======== SUPPLIED DATA ========

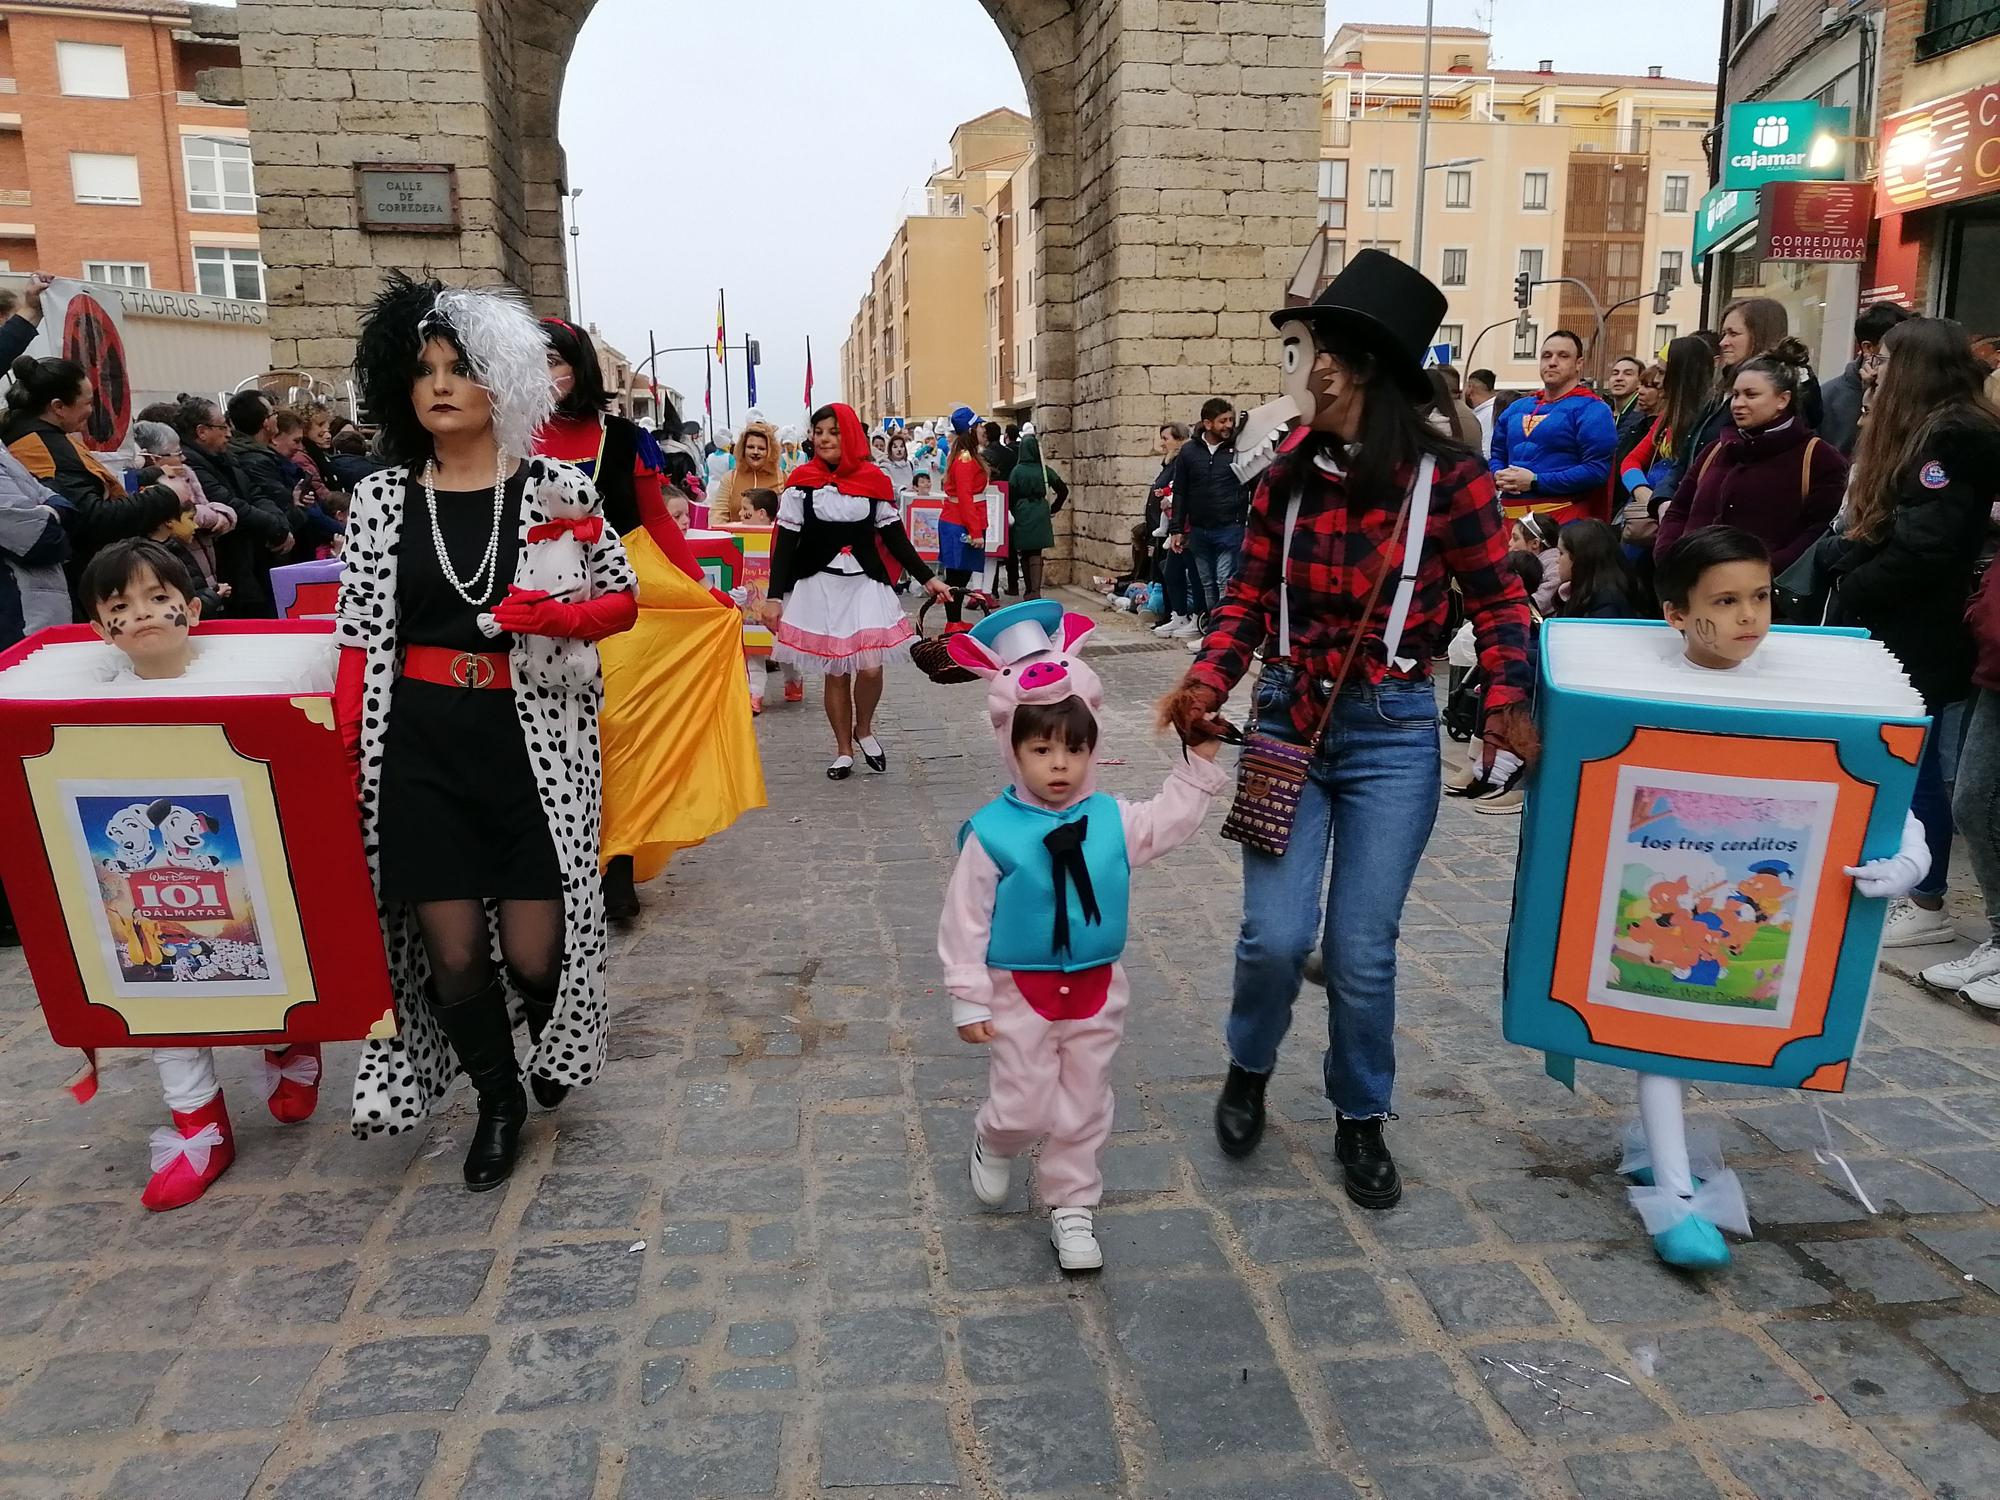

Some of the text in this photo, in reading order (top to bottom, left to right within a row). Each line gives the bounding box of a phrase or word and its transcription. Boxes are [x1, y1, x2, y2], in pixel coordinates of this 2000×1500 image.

[1731, 150, 1808, 171] cajamar
[386, 181, 423, 191] CALLE
[399, 193, 414, 202] DE
[378, 203, 443, 213] CORREDERA
[1771, 235, 1865, 248] CORREDURIA
[1773, 248, 1861, 260] DE SEGUROS
[129, 291, 200, 319] TAURUS
[211, 301, 262, 325] TAPAS
[1679, 837, 1715, 853] tres
[1720, 836, 1799, 853] cerditos
[166, 871, 201, 884] Disney
[138, 884, 222, 908] 101
[142, 907, 227, 918] DÁLMATAS
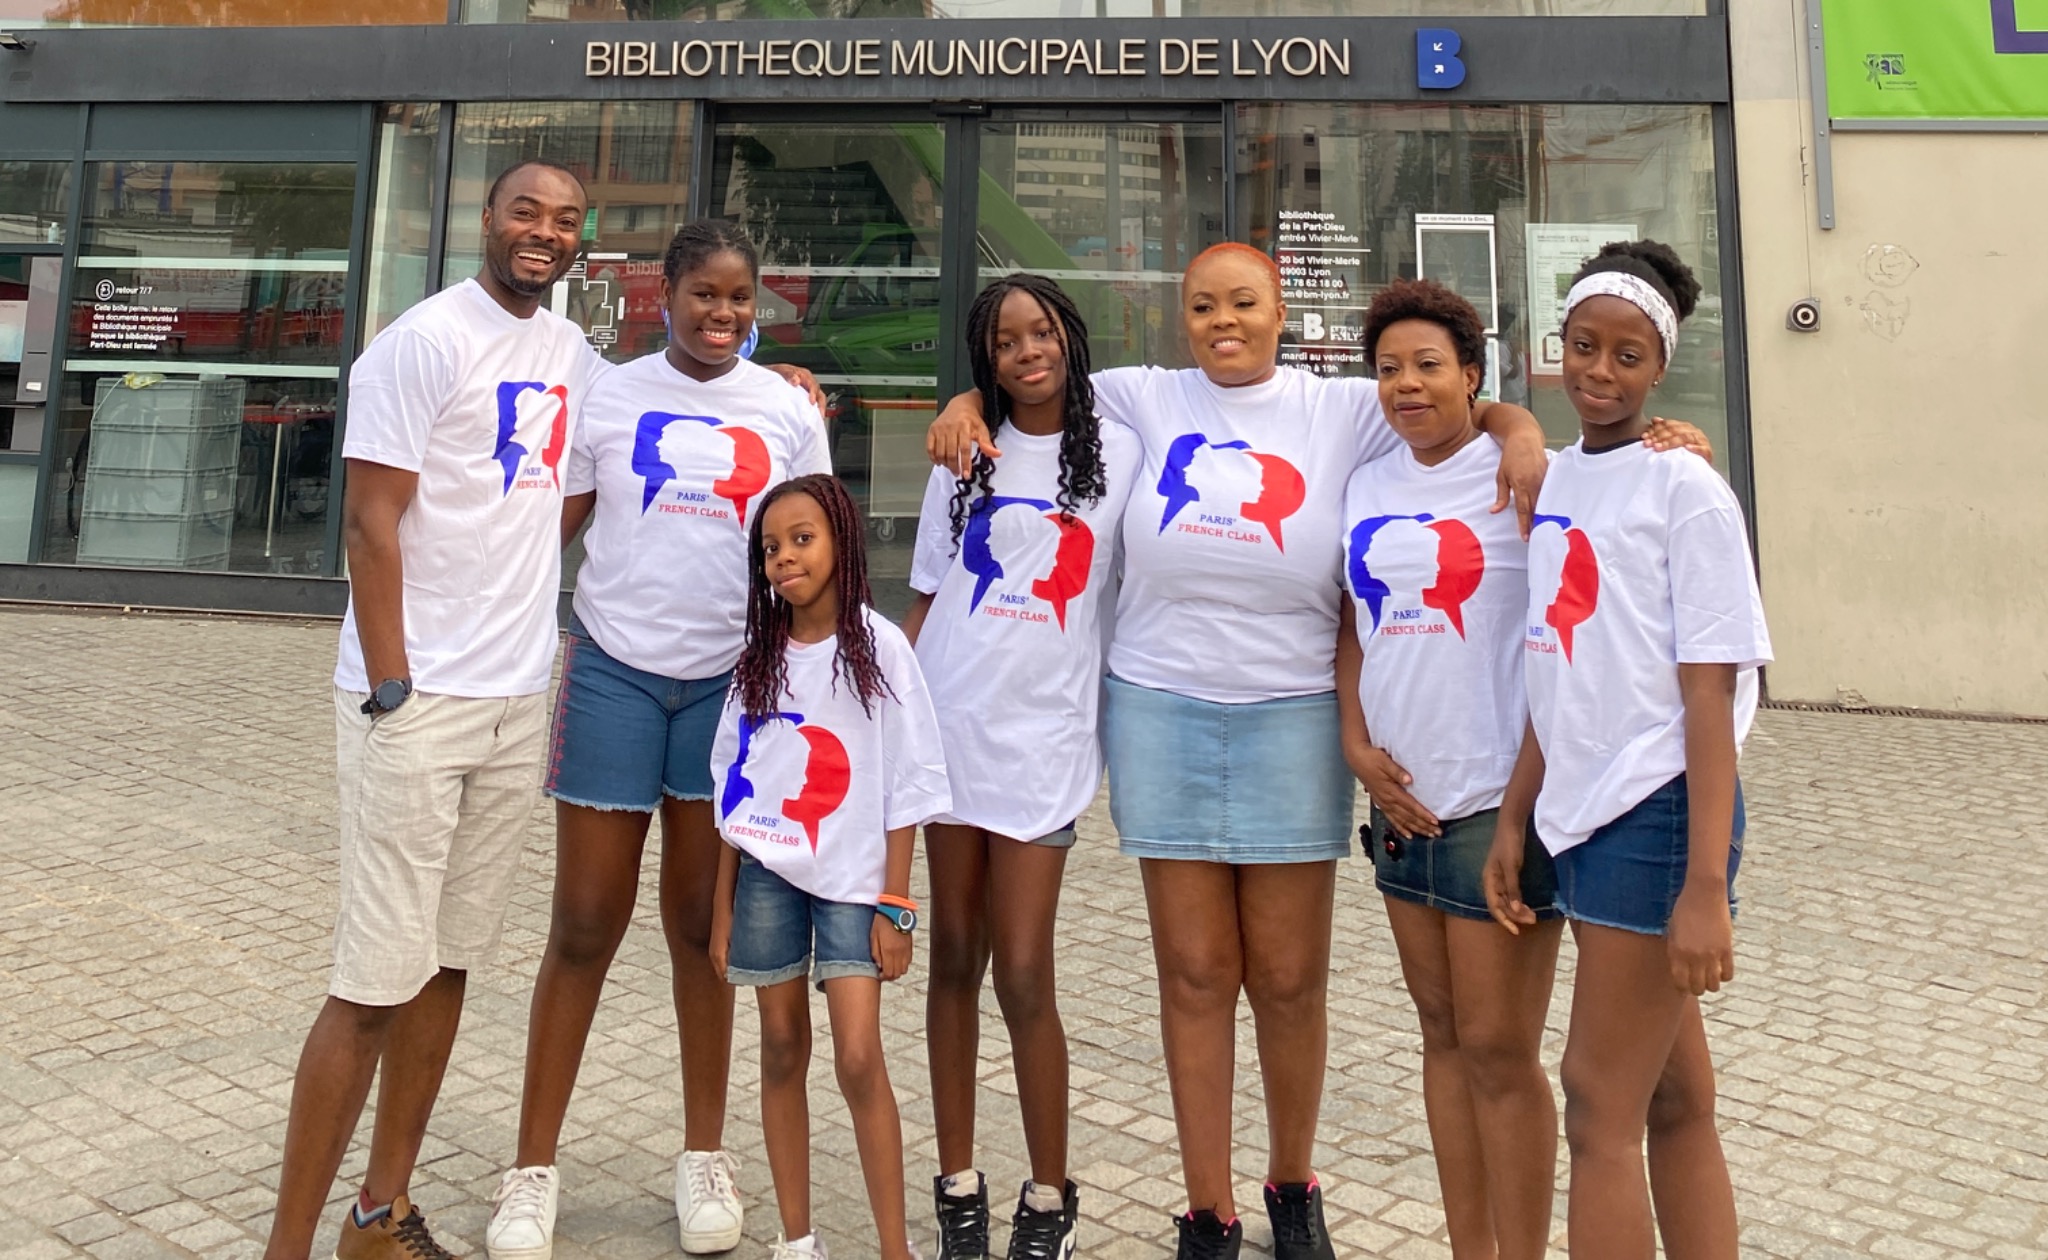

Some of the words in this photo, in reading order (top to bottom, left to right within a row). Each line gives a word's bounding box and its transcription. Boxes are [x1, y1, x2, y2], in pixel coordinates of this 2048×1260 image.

[585, 39, 880, 77] BIBLIOTHEQUE
[891, 37, 1146, 76] MUNICIPALE
[1159, 38, 1220, 76] DE
[1232, 37, 1350, 76] LYON
[1279, 210, 1335, 221] bibliothèque
[1279, 222, 1291, 230] de
[1293, 222, 1301, 231] la
[1303, 222, 1345, 232] Part-Dieu
[1279, 233, 1306, 242] entrée
[1308, 234, 1359, 243] Vivier-Merle
[1280, 256, 1291, 264] 30
[1292, 256, 1304, 264] bd
[1306, 256, 1360, 265] Vivier-Merle
[1280, 267, 1306, 276] 69003
[1308, 267, 1331, 278] Lyon
[1280, 279, 1291, 287] 04
[1293, 279, 1304, 287] 78
[1306, 279, 1317, 287] 62
[1319, 279, 1330, 287] 18
[115, 286, 138, 294] retour
[138, 286, 153, 294] 7/7
[1280, 290, 1350, 301] bm@bm-lyon.fr
[99, 322, 137, 331] Bibliothèque
[138, 324, 172, 332] municipale
[125, 332, 167, 342] bibliothèque
[1281, 352, 1308, 360] mardi
[1309, 353, 1321, 361] au
[1323, 353, 1363, 362] vendredi
[1296, 364, 1312, 372] 10h
[1314, 364, 1320, 373] à
[1322, 364, 1339, 374] 19h
[658, 504, 697, 515] FRENCH
[700, 507, 729, 519] CLASS
[1177, 524, 1223, 537] FRENCH
[1227, 531, 1262, 543] CLASS
[983, 606, 1017, 619] FRENCH
[1019, 611, 1049, 623] CLASS
[1380, 625, 1415, 636] FRENCH
[1418, 624, 1446, 634] CLASS
[728, 824, 768, 840] FRENCH
[769, 832, 800, 847] CLASS

========

# WHAT THE TASK REQUIRES:
Return all the material exactly, skipping pictures.

# EXERCISE RESPONSE:
Some of the text in this photo, in reading order (top to bottom, left to right within a row). Each line gives the bounding box of a phrase or word and its transcription. Boxes are [x1, y1, x2, y2], in pixel coordinates of this 2000×1500 image.

[1731, 150, 1808, 171] cajamar
[386, 181, 423, 191] CALLE
[399, 193, 414, 202] DE
[378, 203, 443, 213] CORREDERA
[1771, 235, 1865, 248] CORREDURIA
[1773, 248, 1861, 260] DE SEGUROS
[129, 291, 200, 319] TAURUS
[211, 301, 262, 325] TAPAS
[1679, 837, 1715, 853] tres
[1720, 836, 1799, 853] cerditos
[166, 871, 201, 884] Disney
[138, 884, 222, 908] 101
[142, 907, 227, 918] DÁLMATAS

Some of the words in this photo, in reading order (top to bottom, left to right within a row). Each line gives a word's bounding box and its transcription. Boxes are [x1, y1, x2, y2], in pixel coordinates of this 2048×1260 image.

[585, 39, 880, 77] BIBLIOTHEQUE
[891, 37, 1146, 76] MUNICIPALE
[1159, 38, 1220, 76] DE
[1232, 37, 1350, 76] LYON
[1279, 210, 1335, 221] bibliothèque
[1279, 222, 1291, 230] de
[1293, 222, 1301, 231] la
[1303, 222, 1345, 232] Part-Dieu
[1279, 233, 1306, 242] entrée
[1308, 234, 1359, 243] Vivier-Merle
[1280, 256, 1291, 264] 30
[1292, 256, 1304, 264] bd
[1306, 256, 1360, 265] Vivier-Merle
[1280, 267, 1306, 276] 69003
[1308, 267, 1331, 278] Lyon
[1280, 279, 1291, 287] 04
[1293, 279, 1304, 287] 78
[1306, 279, 1317, 287] 62
[1319, 279, 1330, 287] 18
[115, 286, 138, 294] retour
[138, 286, 153, 294] 7/7
[1280, 290, 1350, 301] bm@bm-lyon.fr
[99, 322, 137, 331] Bibliothèque
[138, 324, 172, 332] municipale
[125, 332, 167, 342] bibliothèque
[1281, 352, 1308, 360] mardi
[1309, 353, 1321, 361] au
[1323, 353, 1363, 362] vendredi
[1296, 364, 1312, 372] 10h
[1314, 364, 1320, 373] à
[1322, 364, 1339, 374] 19h
[658, 504, 697, 515] FRENCH
[700, 507, 729, 519] CLASS
[1177, 524, 1223, 537] FRENCH
[1227, 531, 1262, 543] CLASS
[983, 606, 1017, 619] FRENCH
[1019, 611, 1049, 623] CLASS
[1380, 625, 1415, 636] FRENCH
[1418, 624, 1446, 634] CLASS
[728, 824, 768, 840] FRENCH
[769, 832, 800, 847] CLASS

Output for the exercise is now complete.